Thursday, September 25, 2014

Preparing for motherhood

They say you can't prepare for being a mother. I disagree.

I was not prepared for being a mother. I wanted to be a mother. I was dreaming of having a child for years but when my child arrived the dreams I had, had nothing to do with reality.
The changes in my life hit me like a storm, they derailed me for a couple of weeks until I could find myself again and create a new me - a mother.

It's true you can't imagine what a new baby will bring into to your life, what it will make with you but you can prepare for taking care of a newborn.
After I gave birth to my child I had no idea how to handle him. I had no idea about rocking babies, breastfeeding them, changing them or bathing them. I didn't understand his signs. Was he crying because he's hungry, because he's tired? What does he want? I didn't even know he could cry because he's overtired. He left me helpless and I had to learn the hard way to understand his signs. It took weeks of him being miserable, as his needs where not fully me,t and me being miserable because I couldn't understand him.

I was the youngest child in my family, I had only older relatives.
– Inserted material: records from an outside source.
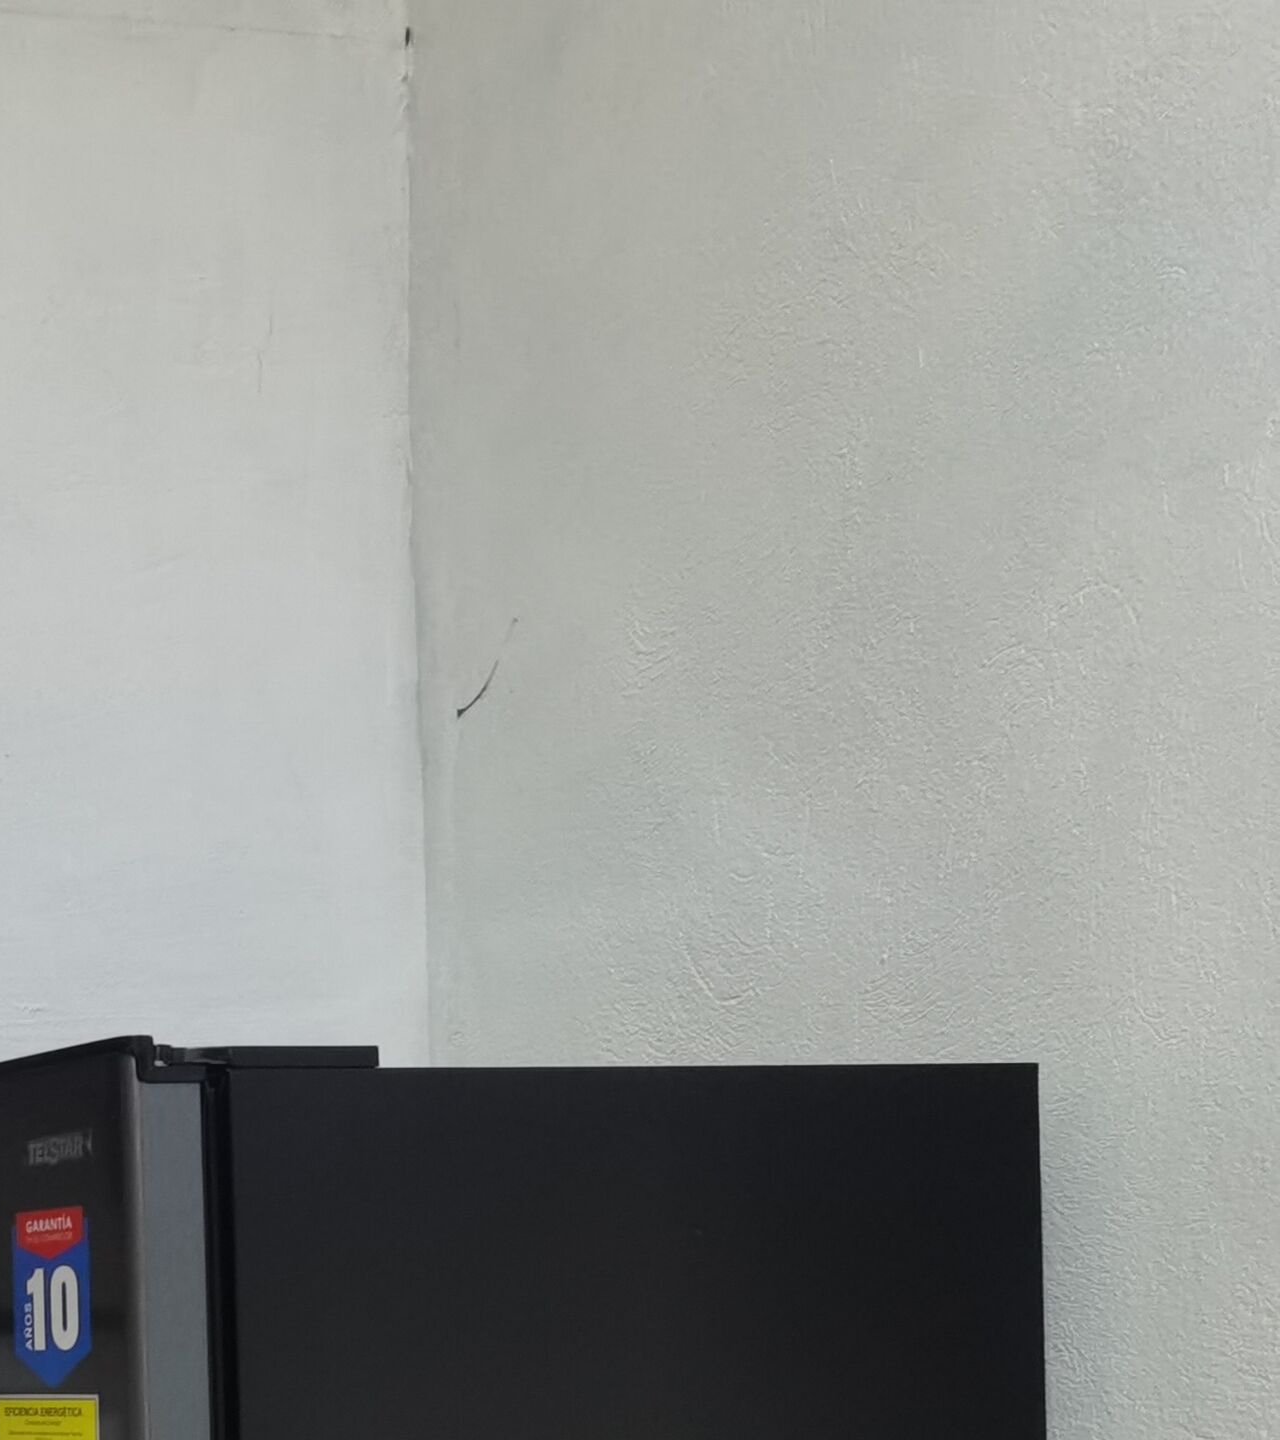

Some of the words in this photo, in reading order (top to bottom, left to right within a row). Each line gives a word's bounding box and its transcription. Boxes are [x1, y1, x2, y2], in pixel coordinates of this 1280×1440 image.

[26, 1134, 83, 1166] TELSTAR
[25, 1213, 72, 1234] GARANTÍA
[24, 1302, 33, 1351] AÑOS
[26, 1264, 79, 1351] 10
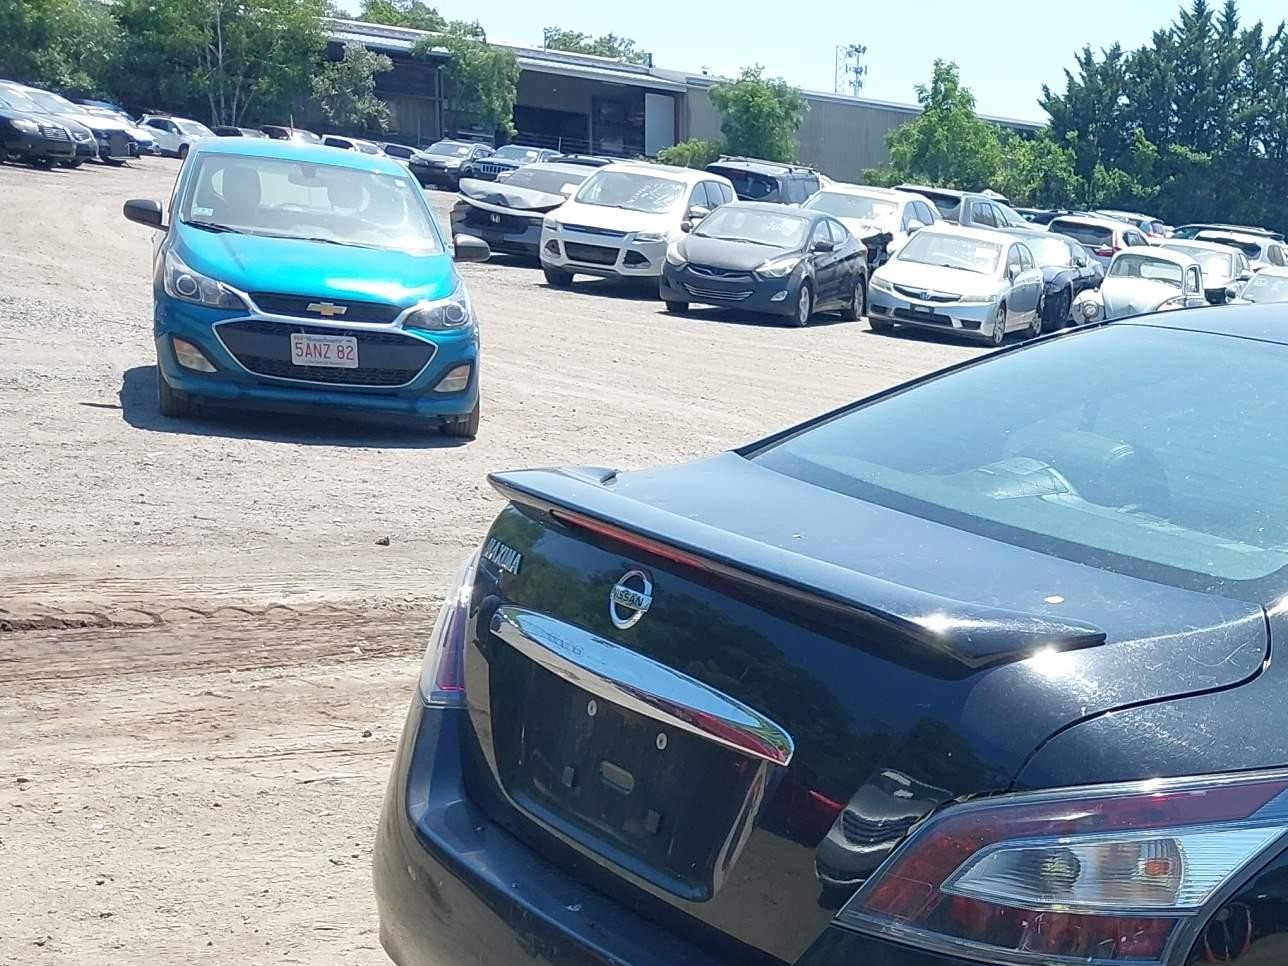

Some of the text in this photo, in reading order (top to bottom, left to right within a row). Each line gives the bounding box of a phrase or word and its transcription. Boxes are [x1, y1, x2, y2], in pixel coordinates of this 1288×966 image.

I never took care of a baby before my son was born. I never even held a baby. It was a huge disadvantage. I simple didn't learn yet how to handle a baby.
I believe every expecting mother would hugely benefit from some experience of taking care of a baby. Let it be their sibling, their relative, a baby of a friend but any contact with a baby will be beneficial. There's so much emphasis on preparing for birth but there's not one course for pregnant women on baby care. How to hold a baby, what the rhythm of a baby is, how to breastfeed them, how to rock them to sleep. What their cries could mean. There should be courses for pregnant mothers where they can meet mothers with newborns, where they can handle a baby, learn from those mothers, see baby care in real life.
Birthing is written in our DNA, our body does it by itself but baby care is something we have to learn. And its so much harder when you have to learn it with your own first child.

So if you get the chance, take care of a baby, talk to your friends about their babies. Don't make the mistake of thinking the knowledge will come to you automatically after you gave birth. Be a babysitter, be an aupair, help out your friends who have babies, go to a breastfeeding meeting to see women breastfeed.
Anything but just get your hands on a baby before you have your own.